Prendi la rocca e il fuso e andiamo in California…
…A nivale di nebbie dei re longobardi,
si partiva per le cene, con le torce,
coi letti arrugginiti, sulle spalle,
a fare una pasqua, per i morti,
senza fine. Poi tramontava il giùbilo
di pentecoste, a picco
sopra il torrente del mio paese, o giovane Strona:
grigia, quanto la tunica dei giorni:
le donne ci hanno vigilato
han volto, a capo in giù, le sacre torce.
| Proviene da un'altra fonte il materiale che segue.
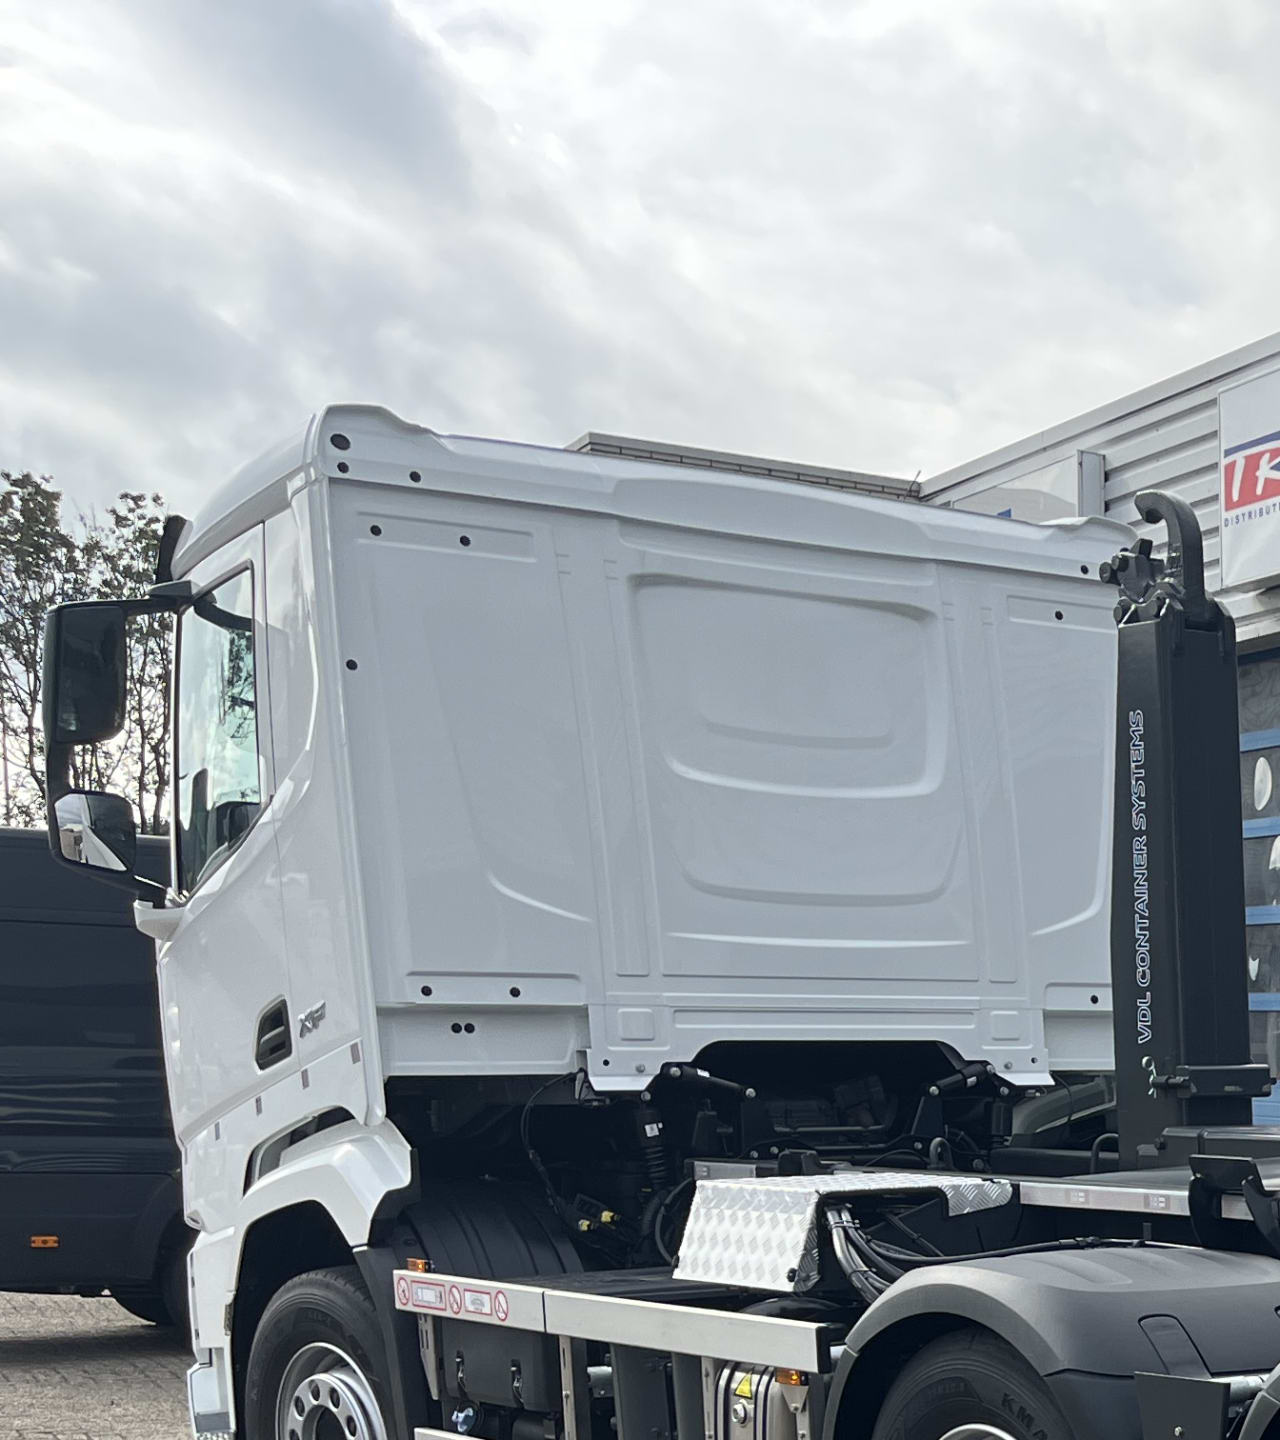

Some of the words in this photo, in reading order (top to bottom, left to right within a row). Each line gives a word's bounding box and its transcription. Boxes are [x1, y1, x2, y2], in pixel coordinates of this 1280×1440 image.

[1129, 708, 1147, 831] SYSTEMS
[1132, 834, 1151, 987] CONTAINER
[1137, 991, 1152, 1045] VDL
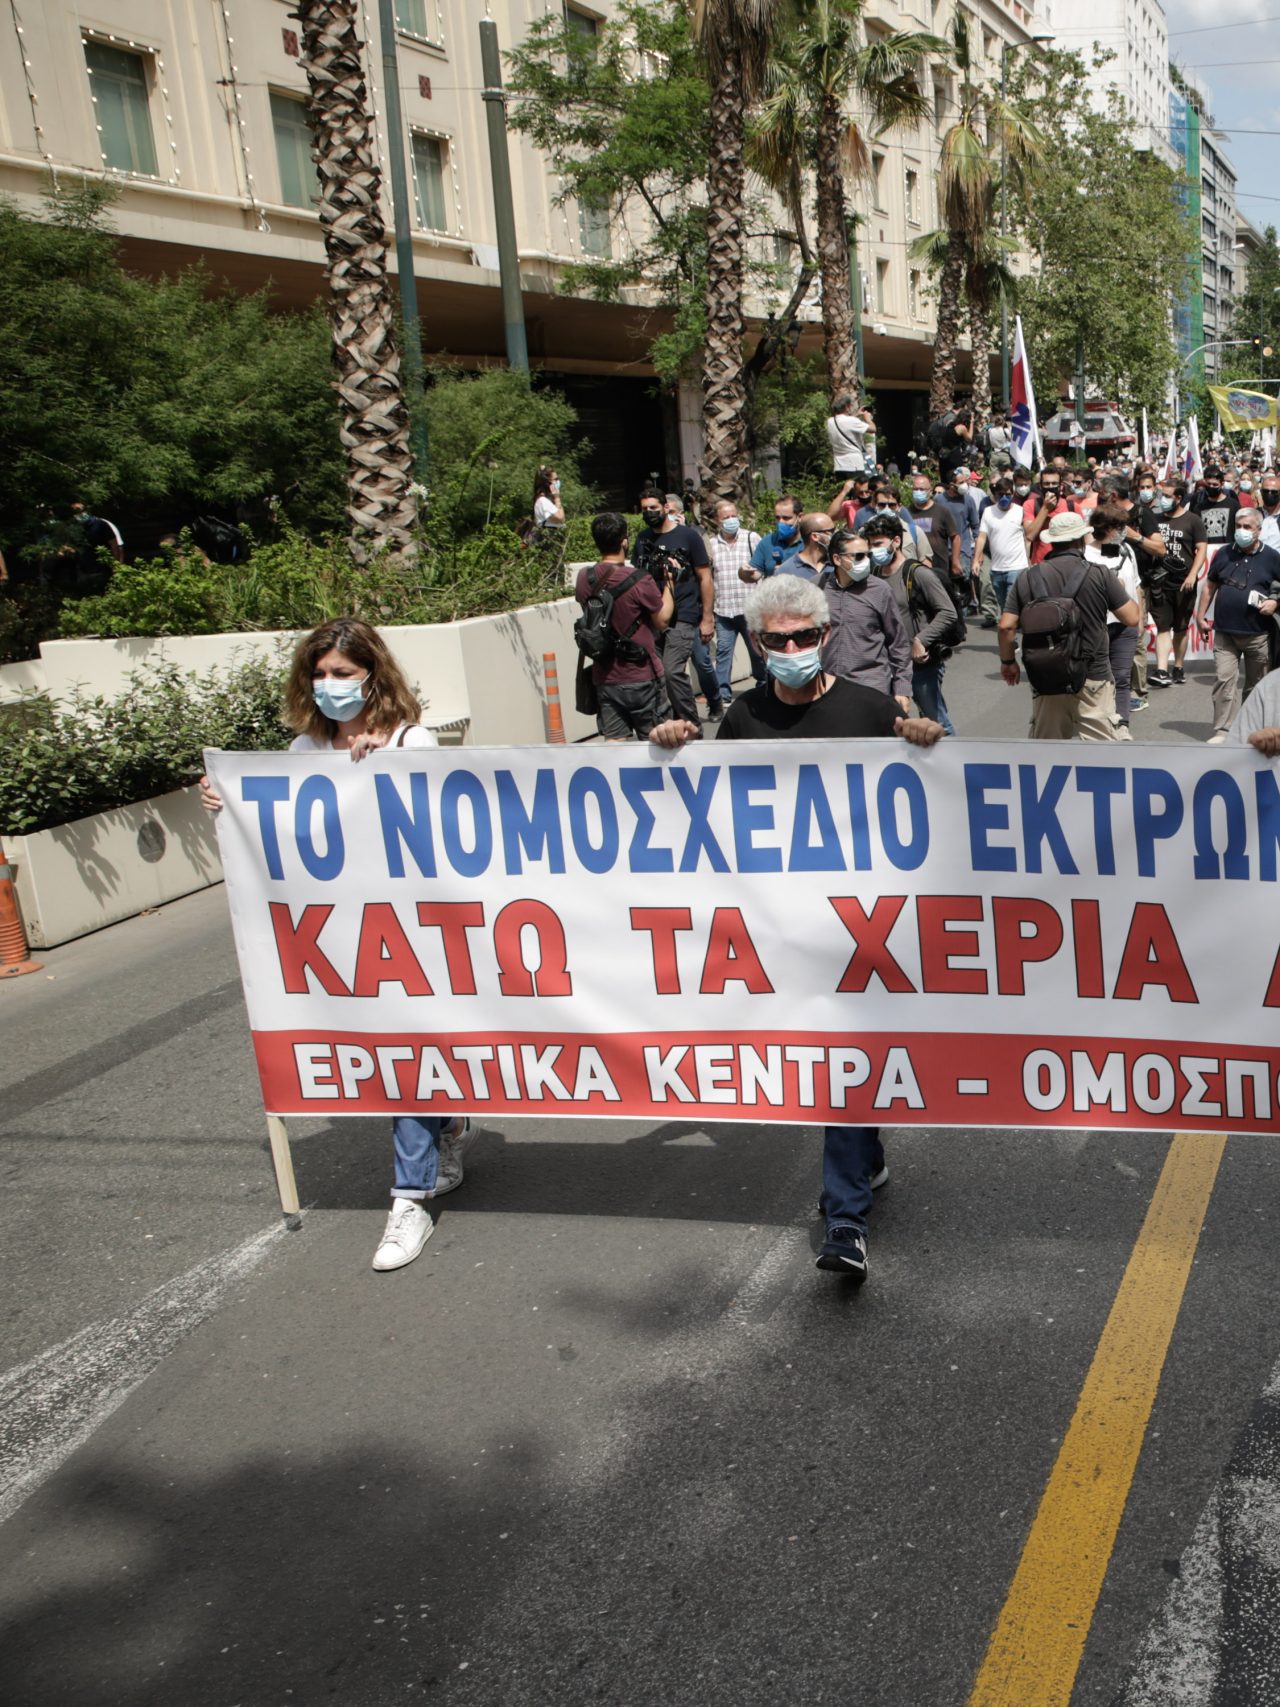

Solo, tre becchi di lampada, a petrolio,
ancora rischiaravano gli àzimi,
che si doveva trangugiare nelle albe
del bene (e del male), sulle strade.
Ho preso, un giorno, lo stallo
nel coro, o cicale!, dei miei simboli benedetti:
dove a scorze d’alberi, mangiati dalla folgore,
le foglie fuggite cantavano le antifone:
“Alza ferro contro il tuo petto!
perché si sappia, fin dall’inverno,
se tu sei arido o fertile: e chi ti salverà dai gesti futuri?”
“Non mettere il tuo cuore sulla vigna di Sirtori o di Somma,
sulla vigna d’Appiano o di Missaglia:
perché il vendemmiatore bagna il pane
dentro la secchia dell’aceto”.
“Colui che implora, a ogni mattino,
la sapienza dagli àcini dell’uva,
saprà incendiar tutte le vigne
nel giorno dell’addio…”.
L’opera poetica (L’orma, 2014)
Emilio Villa, per molti ancora sconosciuto, è stato uno dei geni letterari e artistici più importanti del XX secolo non solo italiano. In poesia siamo ai livelli di Wallace Stevens, per dire. Consiglio un giro alla Biblioteca Panizzi di Reggio Emilia che conserva il suo fondo più cospicuo. Oltre alla meritoria raccolta di versi de L’orma editore, segnalo (sperando siano ancora in commercio) la sua traduzione dell’Odissea e i saggi su L’arte dell’uomo primordiale e il capolavoro Attributi dell’arte odierna. Un autore non facile ma decisamente da riscoprire.
sconosciuto, sì, lo era anche per me, e grazie di avermelo fatto conoscere; questo pezzo è bellissimo!